I have noticed human emotions and intelligence seem to be at odds with each other. Sometimes they are even a trade-off. The increase of one may lead to the decrease of the other. If we look around, humans today have the most advanced technologies in history, but are our lives really better compared to people's in the past? Materialistic wise, certainly yes because they are products directly produced by technologies, but mentally and emotionally it could arguably be worse.

AI and techs keep getting better and better everyday, but then human have to work more with longer hours and higher stress. We all thought the machines are supposed to help us human but it's actually the other way around.
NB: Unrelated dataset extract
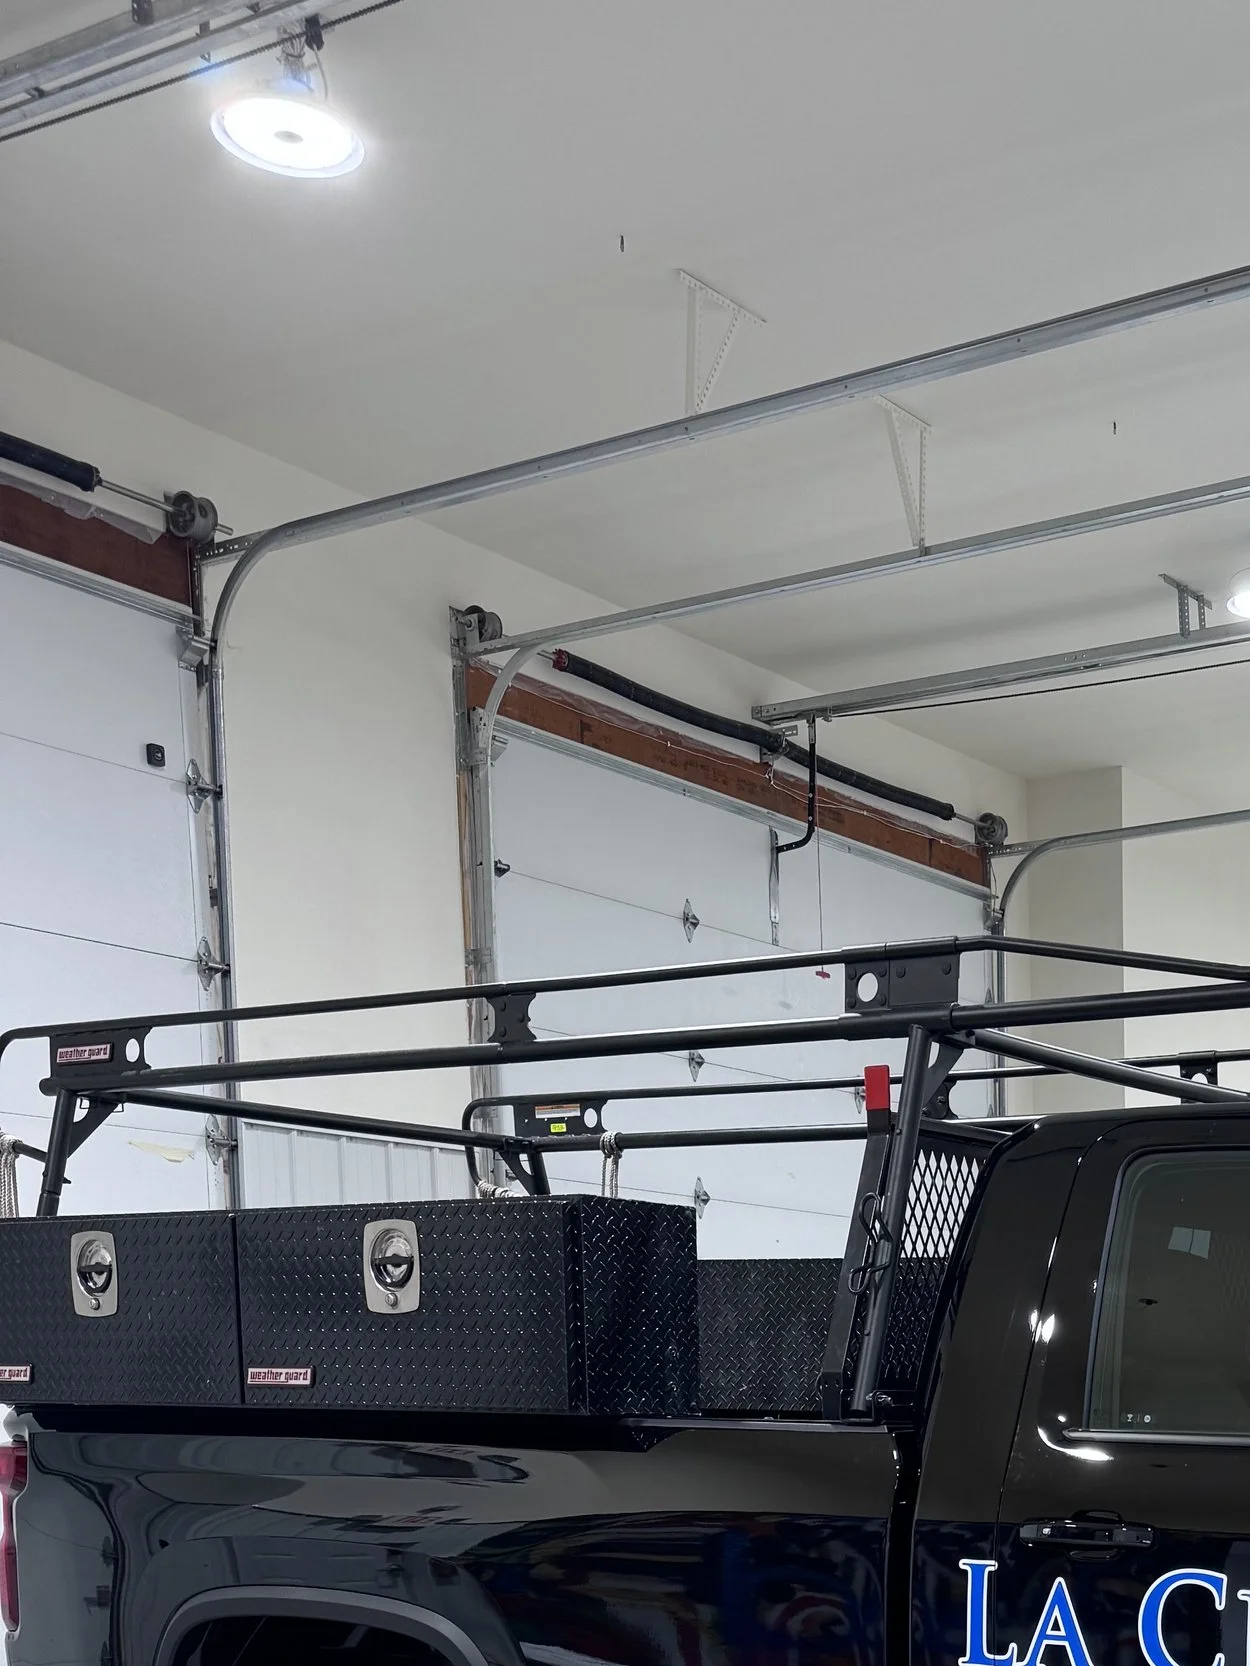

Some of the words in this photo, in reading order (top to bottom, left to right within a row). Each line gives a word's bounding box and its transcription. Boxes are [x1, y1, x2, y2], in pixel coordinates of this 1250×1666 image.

We work tirelessly days and nights in order to keep making those machines better and more advanced, but in return our lives have not seen many meaningful improvements, and even arguably worse than before in some areas. Individually our personal ability has limits and naturally it evolves very slowly, but the power of AI machines is potentially unlimited and growing at an even faster rate than Moore's law. We seem to be collectively working to make machine much better than us while we are remaining relatively the same individually. Are technlogies actually enslaving us?

We keep buying things that don't really serve us much. We have a lot of stuff now but they don't mean much. If something broke, meh we will just get another one. It's just another item and it will get shipped here tomorrow. We didn't have as much in the past but every little thing carried much greater value. Even the most simplest thing could fascinate and brought us joy.

We humans today already operate based on rules and algorithms dictated by the machines. We still don't know how our brains function organically (memory, consciousness, etc...), but in the quest of trying to make AI becoming human-like, we have created AI neural networks to simulate our brain. The danger is that even though we still don't know how our real brain functions, but we have now turned around and claimed that the human brain works in a similar way under the same principles of an AI neural network. We are enforcing AI rules onto ourselves.

This is a dangerous assumption to make simply because AI does not have emotions. Once we begin to operate strictly under these rules and principles that are dictated by AI, we would soon lose the attributes and characteristics of what made us human. Our emotional spectrum may get increasingly shorten.

TV shows and movies are an example as they are a form of story telling that have biggest influences on us at the emotional level. It's no coincidence that "Seinfeld" and "Friends" are still the two best tv shows today. Many movies that are considered as best were also made from a while ago. Despite the most advanced technologies, why is it that today we can't seem to tell stories that bring out the same level of emotional reponse and intensity as before? They all seem to lack the genuity and inspiration that the previous generation once had.

Is it because AI do not understand human emotions so its algorithms cannot accurately factor that into consideration? One can say that today humans are the ones who write those algorithms so maybe we can add in compenents to account for that? But just like the example above, if we don't even understand how our brain works, how can we simulate the machine to accurately reflect us? In the future, machines are supposed to learn and write all the codes by itself without human intervention, what would likely happen then? Would we still retain the ability to even understand those codes? Would it possible that human may slowly evolve into machines? In trying to make those machines becoming like us, we may instead become like machines.